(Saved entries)
################

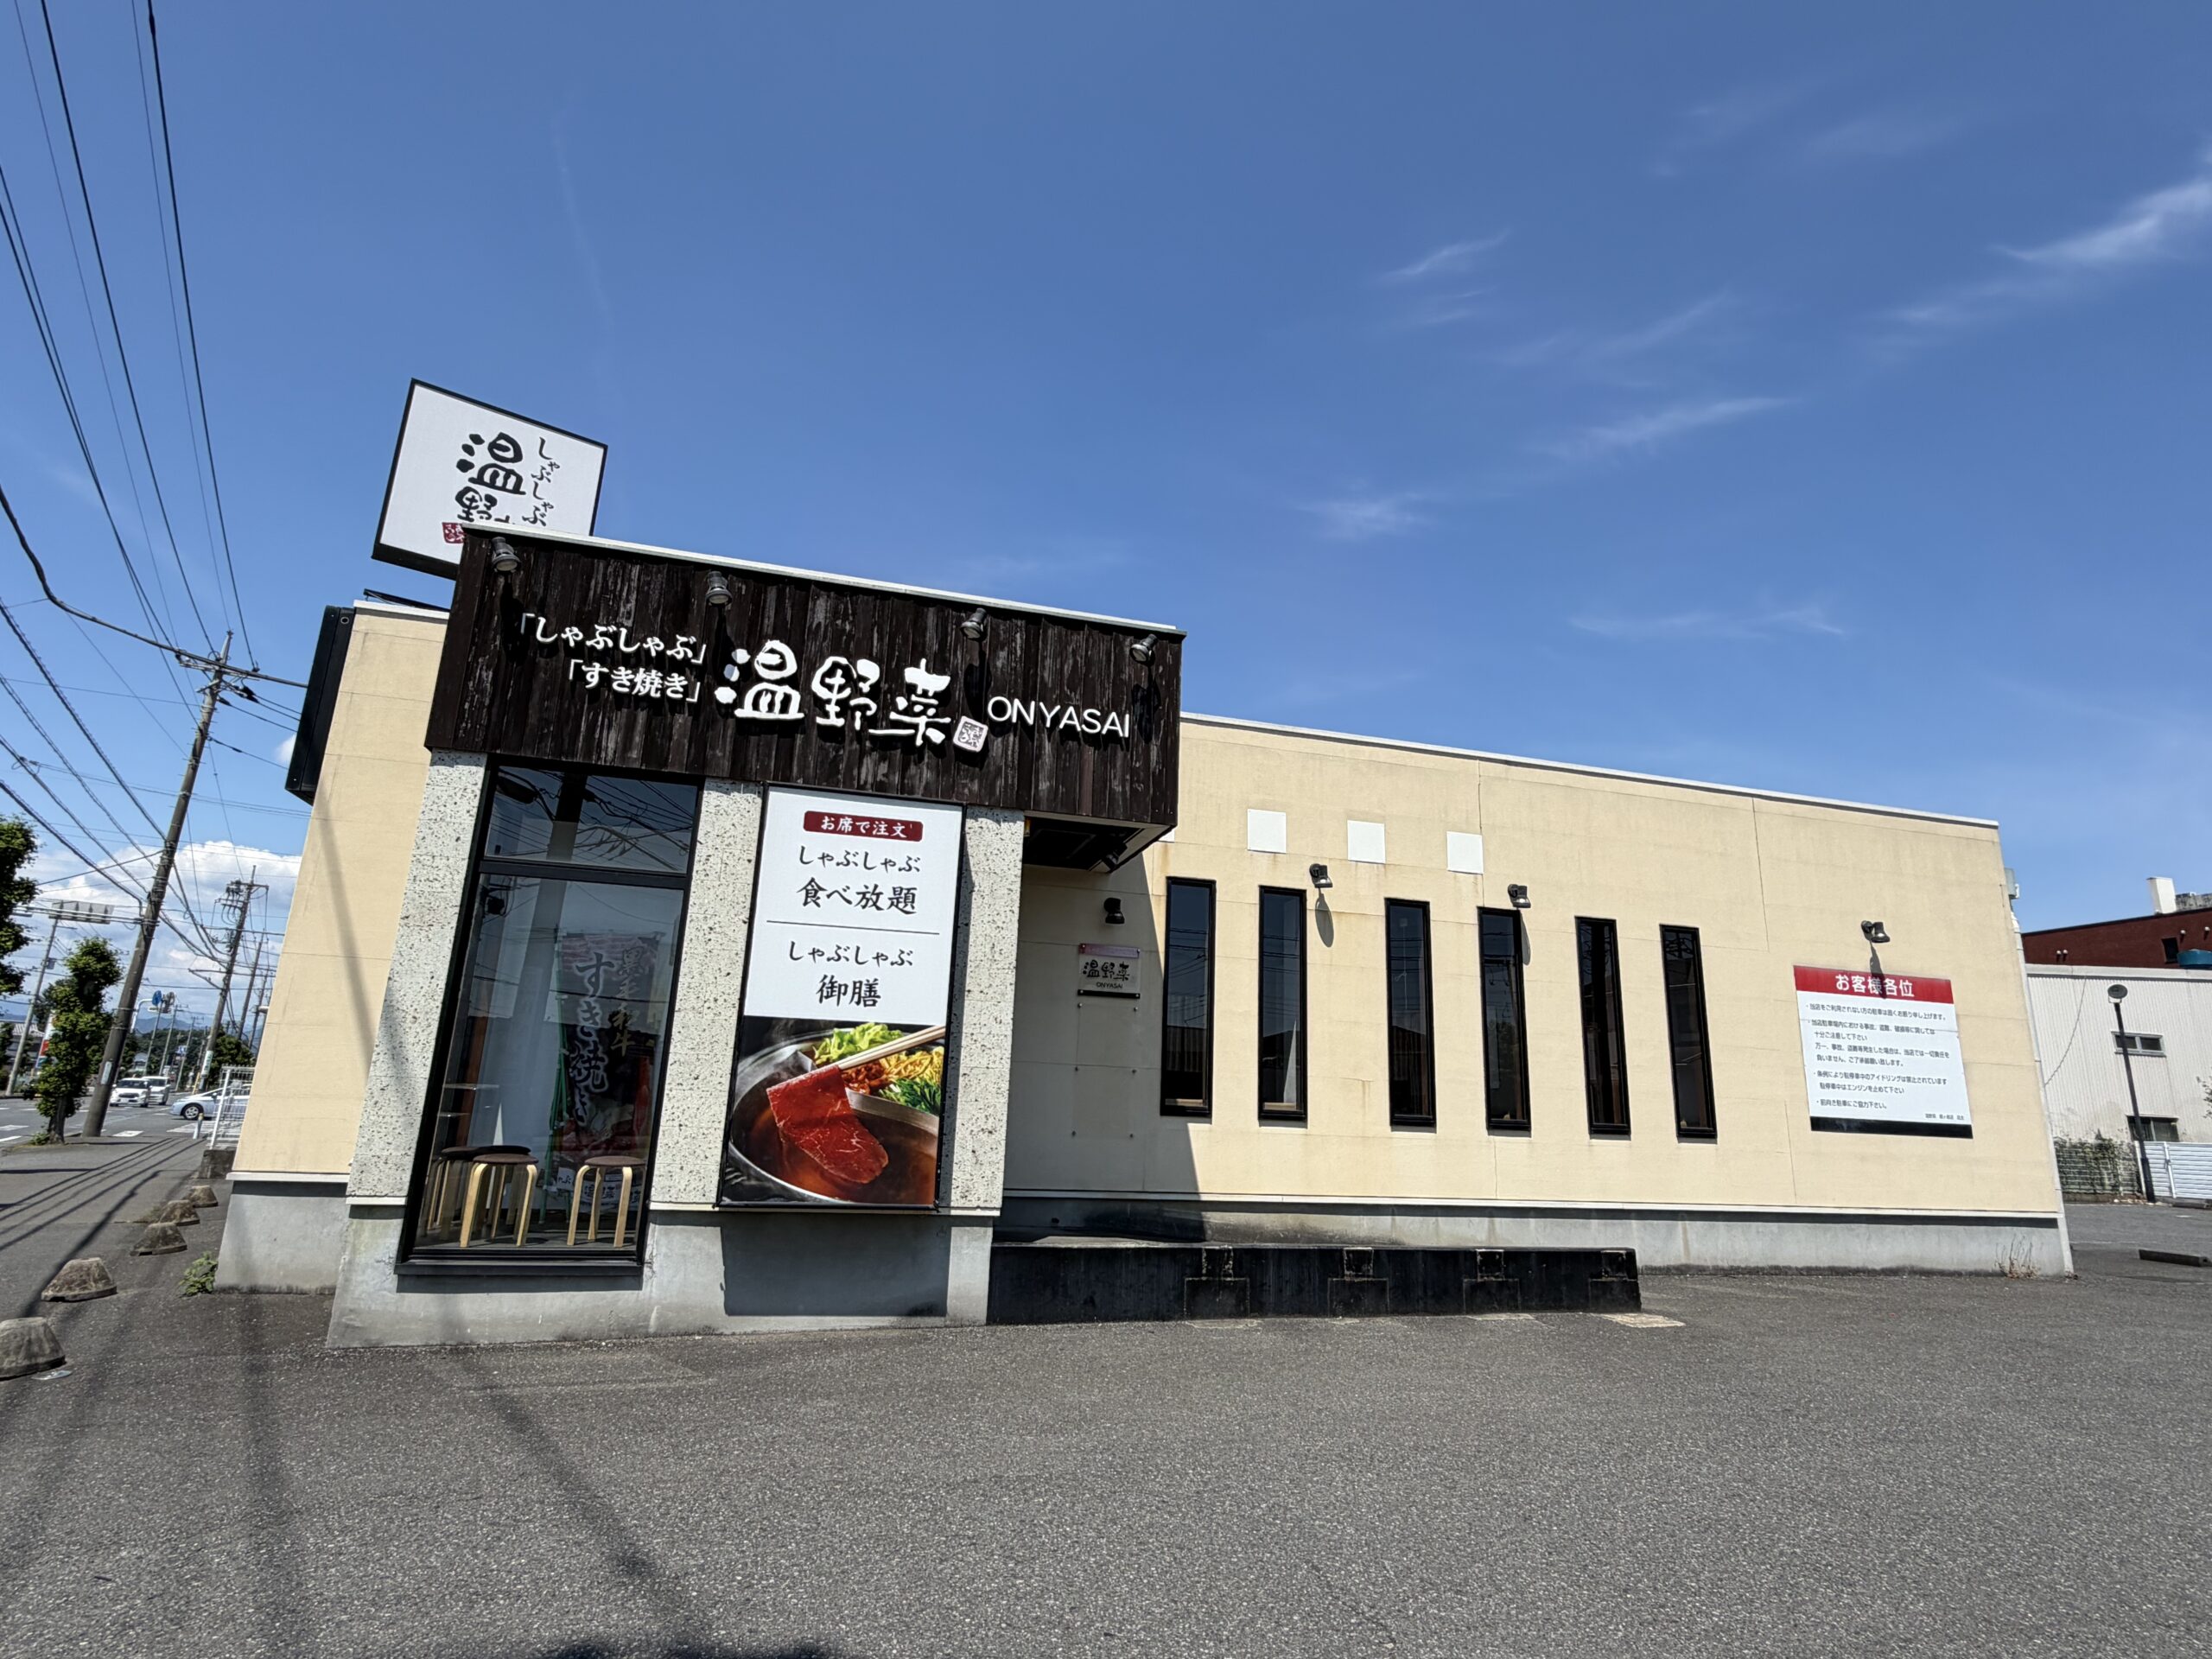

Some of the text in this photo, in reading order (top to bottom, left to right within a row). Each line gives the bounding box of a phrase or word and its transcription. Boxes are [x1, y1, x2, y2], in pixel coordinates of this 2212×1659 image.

[455, 432, 526, 524] 温野
[522, 436, 560, 526] しゃぶしゃぶ
[715, 639, 950, 746] 温野菜
[988, 696, 1129, 738] ONYASAI
[821, 816, 906, 838] お席で注文
[799, 845, 921, 873] しゃぶしゃぶ
[797, 877, 918, 914] 食べ放題
[789, 941, 913, 967] しゃぶしゃぶ
[1083, 959, 1130, 982] 温野菜
[817, 974, 881, 1007] 御膳
[1835, 974, 1915, 997] お客様各位
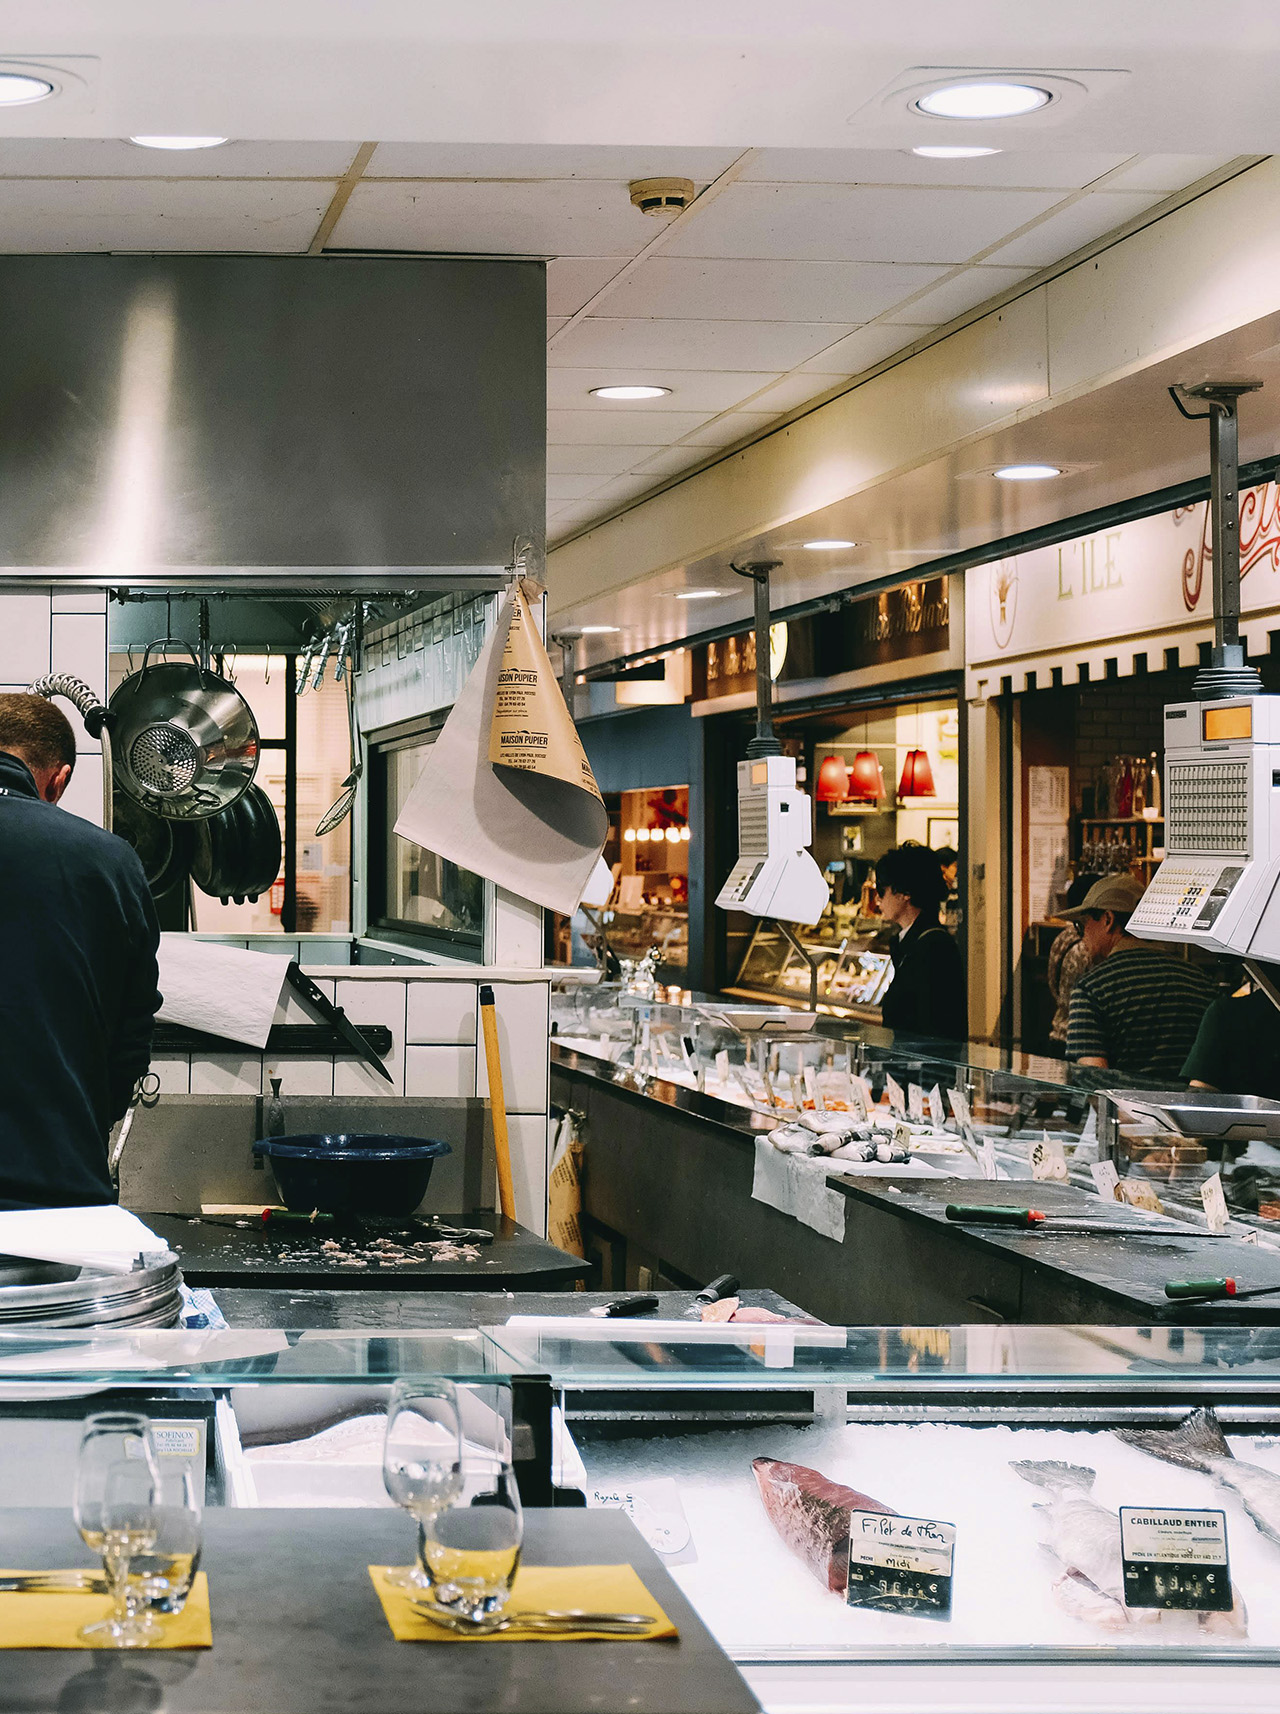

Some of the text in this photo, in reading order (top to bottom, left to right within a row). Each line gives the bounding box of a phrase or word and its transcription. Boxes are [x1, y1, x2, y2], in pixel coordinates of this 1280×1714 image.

[514, 673, 538, 683] PUPIER
[501, 735, 548, 745] MAISON PUPIER
[157, 1431, 193, 1439] SOFINOX
[862, 1518, 897, 1536] Filet
[901, 1525, 912, 1537] de
[1131, 1518, 1218, 1528] CABILLAUD ENTIER
[886, 1558, 911, 1569] Midi
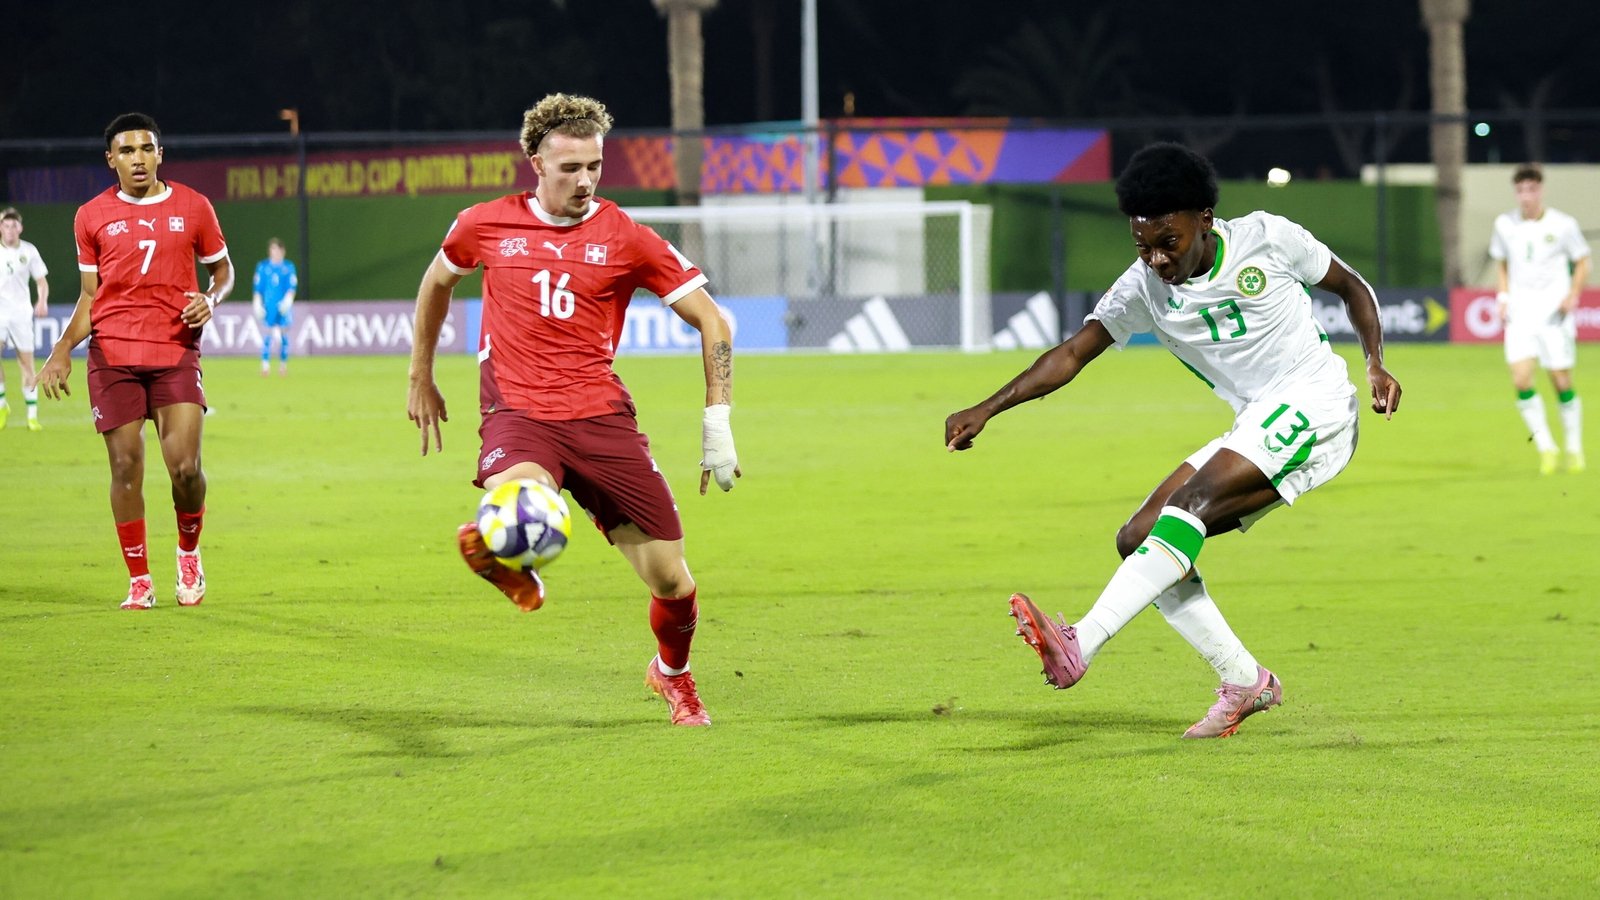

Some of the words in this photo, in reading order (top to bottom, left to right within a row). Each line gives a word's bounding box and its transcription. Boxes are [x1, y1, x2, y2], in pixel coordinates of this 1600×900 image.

[305, 161, 365, 195] WORLD
[367, 158, 401, 193] CUP
[138, 239, 156, 275] 7
[531, 269, 575, 319] 16
[296, 312, 456, 348] AIRWAS
[1198, 300, 1247, 342] 13
[1260, 403, 1310, 446] 13

################

### ASSIGNMENT
The reply must consist of the records, repeated exactly, minus any images.

### RESULT FOR THIS TASK
Some of the text in this photo, in reading order (top to bottom, left to right within a row). Each line gives the bounding box of a phrase or word and its transcription. Boxes are [x1, y1, x2, y2], in pixel coordinates of this 2212×1659 image.

[455, 432, 526, 524] 温野
[522, 436, 560, 526] しゃぶしゃぶ
[715, 639, 950, 746] 温野菜
[988, 696, 1129, 738] ONYASAI
[821, 816, 906, 838] お席で注文
[799, 845, 921, 873] しゃぶしゃぶ
[797, 877, 918, 914] 食べ放題
[789, 941, 913, 967] しゃぶしゃぶ
[1083, 959, 1130, 982] 温野菜
[817, 974, 881, 1007] 御膳
[1835, 974, 1915, 997] お客様各位

Some of the text in this photo, in reading order (top to bottom, left to right within a row). Each line gives the bounding box of a phrase or word and its transcription. Boxes are [x1, y1, x2, y2], in pixel coordinates of this 1280×1714 image.

[514, 673, 538, 683] PUPIER
[501, 735, 548, 745] MAISON PUPIER
[157, 1431, 193, 1439] SOFINOX
[862, 1518, 897, 1536] Filet
[901, 1525, 912, 1537] de
[1131, 1518, 1218, 1528] CABILLAUD ENTIER
[886, 1558, 911, 1569] Midi

Some of the words in this photo, in reading order (top to bottom, left to right within a row). Each line gives a word's bounding box and its transcription. Boxes are [x1, y1, x2, y2], in pixel coordinates of this 1600×900 image.

[305, 161, 365, 195] WORLD
[367, 158, 401, 193] CUP
[138, 239, 156, 275] 7
[531, 269, 575, 319] 16
[296, 312, 456, 348] AIRWAS
[1198, 300, 1247, 342] 13
[1260, 403, 1310, 446] 13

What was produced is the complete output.